_Exercise input_.
══════════════════════════════
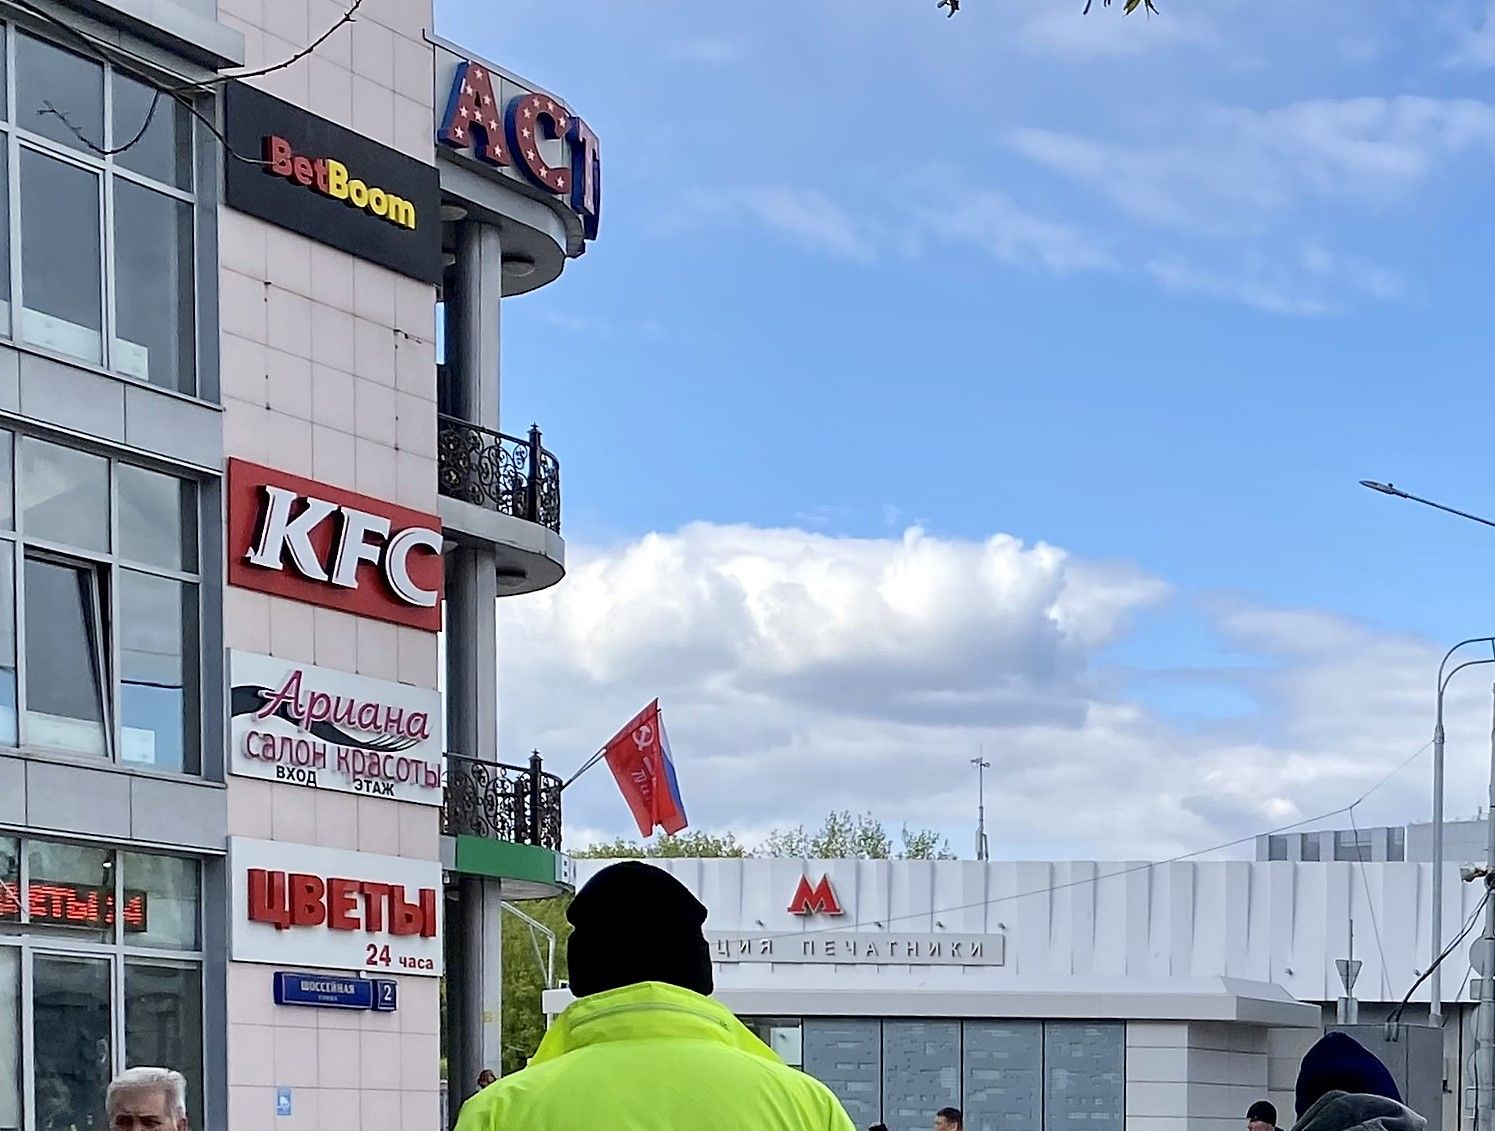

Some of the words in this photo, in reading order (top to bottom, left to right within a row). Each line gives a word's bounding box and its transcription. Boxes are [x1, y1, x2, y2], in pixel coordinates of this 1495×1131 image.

[264, 134, 416, 231] BetBoom
[245, 485, 443, 607] KFC
[257, 669, 430, 740] Ариана
[246, 730, 327, 769] салон
[336, 746, 441, 788] красоты
[275, 764, 317, 787] ВХОД
[354, 777, 395, 797] ЭТАЖ
[247, 868, 437, 937] ЦВЕТЫ
[366, 943, 391, 967] 24
[399, 956, 434, 970] часа
[717, 938, 774, 958] ЦИЯ
[801, 939, 985, 959] ПЕЧАТНИКИ
[383, 984, 393, 1001] 2
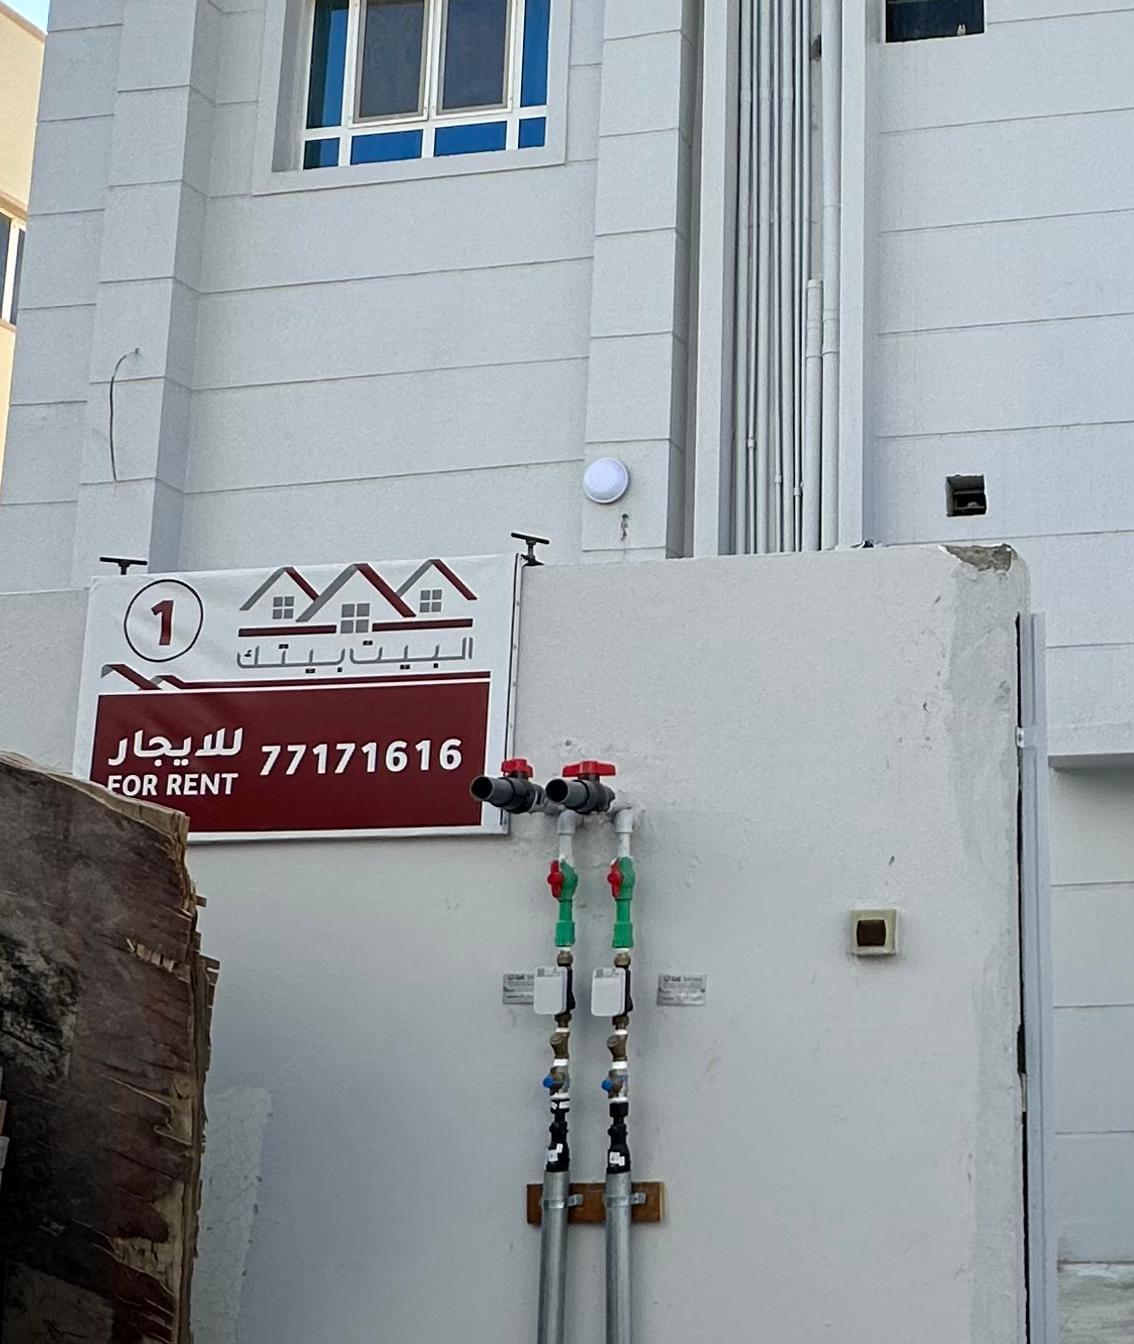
══════════════════════════════
_Your objective_.
Pictures are not part of the copy; reproduce everything else in the records exactly.

_Expected output_.
Some of the words in this photo, in reading order (top to bottom, left to right within a row). Each line gives a word's bounding box and its transcription. Boxes are [x1, y1, x2, y2], in pixel coordinates of this 1495×1131 image.

[264, 134, 416, 231] BetBoom
[245, 485, 443, 607] KFC
[257, 669, 430, 740] Ариана
[246, 730, 327, 769] салон
[336, 746, 441, 788] красоты
[275, 764, 317, 787] ВХОД
[354, 777, 395, 797] ЭТАЖ
[247, 868, 437, 937] ЦВЕТЫ
[366, 943, 391, 967] 24
[399, 956, 434, 970] часа
[717, 938, 774, 958] ЦИЯ
[801, 939, 985, 959] ПЕЧАТНИКИ
[383, 984, 393, 1001] 2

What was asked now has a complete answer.